Most U.S. consumers — 83% of them, to be precise — would rather interact with live agents over digital channels to solve customer service issues, according to research from Accenture. In today’s digital world, people want real, genuine, human-to-human connection. Companies that deliver authentic, empathetic customer service provide helpful and meaningful experiences that drive customer loyalty.

What is empathy in customer service?

You know about empathy … but do you really know about empathy? Before we tackle empathy in customer service, it’s important to understand what exactly empathy is.

Let’s dig in.

Psychologists have defined three types of empathy:

  1. Emotional empathy: The ability to feel what another person is feeling.
  2. Cognitive empathy: The ability to understand where a person is coming from; putting yourself in their shoes
  3. Behavioral empathy: Having compassion and taking actions to help based on your understanding of the situation

All three types of empathy can be employed in customer service. Emotional empathy can foster connection and better communication. Cognitive empathy can help customer service agents understand the customer’s situation. And behavioral empathy uses all that information to drive meaningful action that benefits the customer.

Why is empathy important in customer service?

Customer service isn’t just about making the customer happy. It’s about providing service and support that deepens the customer relationship and generates customer loyalty.
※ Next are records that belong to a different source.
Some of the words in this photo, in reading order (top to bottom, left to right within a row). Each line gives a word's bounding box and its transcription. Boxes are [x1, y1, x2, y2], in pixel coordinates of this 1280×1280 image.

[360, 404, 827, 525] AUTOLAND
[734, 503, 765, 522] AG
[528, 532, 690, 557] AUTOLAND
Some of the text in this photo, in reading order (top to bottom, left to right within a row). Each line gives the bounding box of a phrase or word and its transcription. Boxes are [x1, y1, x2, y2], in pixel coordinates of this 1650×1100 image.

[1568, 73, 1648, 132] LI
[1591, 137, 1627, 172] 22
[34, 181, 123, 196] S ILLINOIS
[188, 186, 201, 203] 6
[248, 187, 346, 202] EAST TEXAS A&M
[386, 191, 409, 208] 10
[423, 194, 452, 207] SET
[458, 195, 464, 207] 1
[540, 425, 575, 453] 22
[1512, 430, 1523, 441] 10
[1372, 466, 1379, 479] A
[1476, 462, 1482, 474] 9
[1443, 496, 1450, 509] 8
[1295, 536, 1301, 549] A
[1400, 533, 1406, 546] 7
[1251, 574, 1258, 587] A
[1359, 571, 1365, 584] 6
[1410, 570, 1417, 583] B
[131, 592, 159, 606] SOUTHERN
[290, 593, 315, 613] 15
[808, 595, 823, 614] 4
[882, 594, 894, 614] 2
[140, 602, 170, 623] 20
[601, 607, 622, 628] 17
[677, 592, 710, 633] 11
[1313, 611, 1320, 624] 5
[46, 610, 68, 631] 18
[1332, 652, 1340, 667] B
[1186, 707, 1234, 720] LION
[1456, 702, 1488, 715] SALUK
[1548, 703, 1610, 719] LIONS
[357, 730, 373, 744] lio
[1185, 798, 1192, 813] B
According to Forrester, companies are missing the mark when they solely focus on customer satisfaction, because satisfaction isn’t necessarily what drives customer loyalty. What has a greater impact on loyalty is making customers feel respected, understood, valued, or confident.

Let’s zero in on that second word: understood. You can give a customer exactly what they want, but without empathy and understanding, you’re not driving customer loyalty. In fact, 70% of consumers say they are likely to shop “exclusively” with companies that understand them.

Read: 10 hard-hitting customer service stats (and what to do about them)

A chatbot can solve an issue. It can’t empathize with a customer. Empathy is what makes customer-agent interactions uniquely human. It bridges the gap between what you know about your customers (their problems your company helps solve) and what you don’t (their mood, their priorities, their sense of urgency).

Instead of serving up a one-size-fits-all solution, empathy allows agents to meet the unique and complex needs of each unique and complex customer. Because as much as we want to wrap all customers up into neat little personas determined by market research, individuals are unique.

Read: Genuine empathy will be mission-critical to CX in 2023

4 ways to demonstrate empathy in customer service

Now we know why empathy is important in customer service … but how do we get there? Here are four ways you can deliver exceptional customer service through empathy.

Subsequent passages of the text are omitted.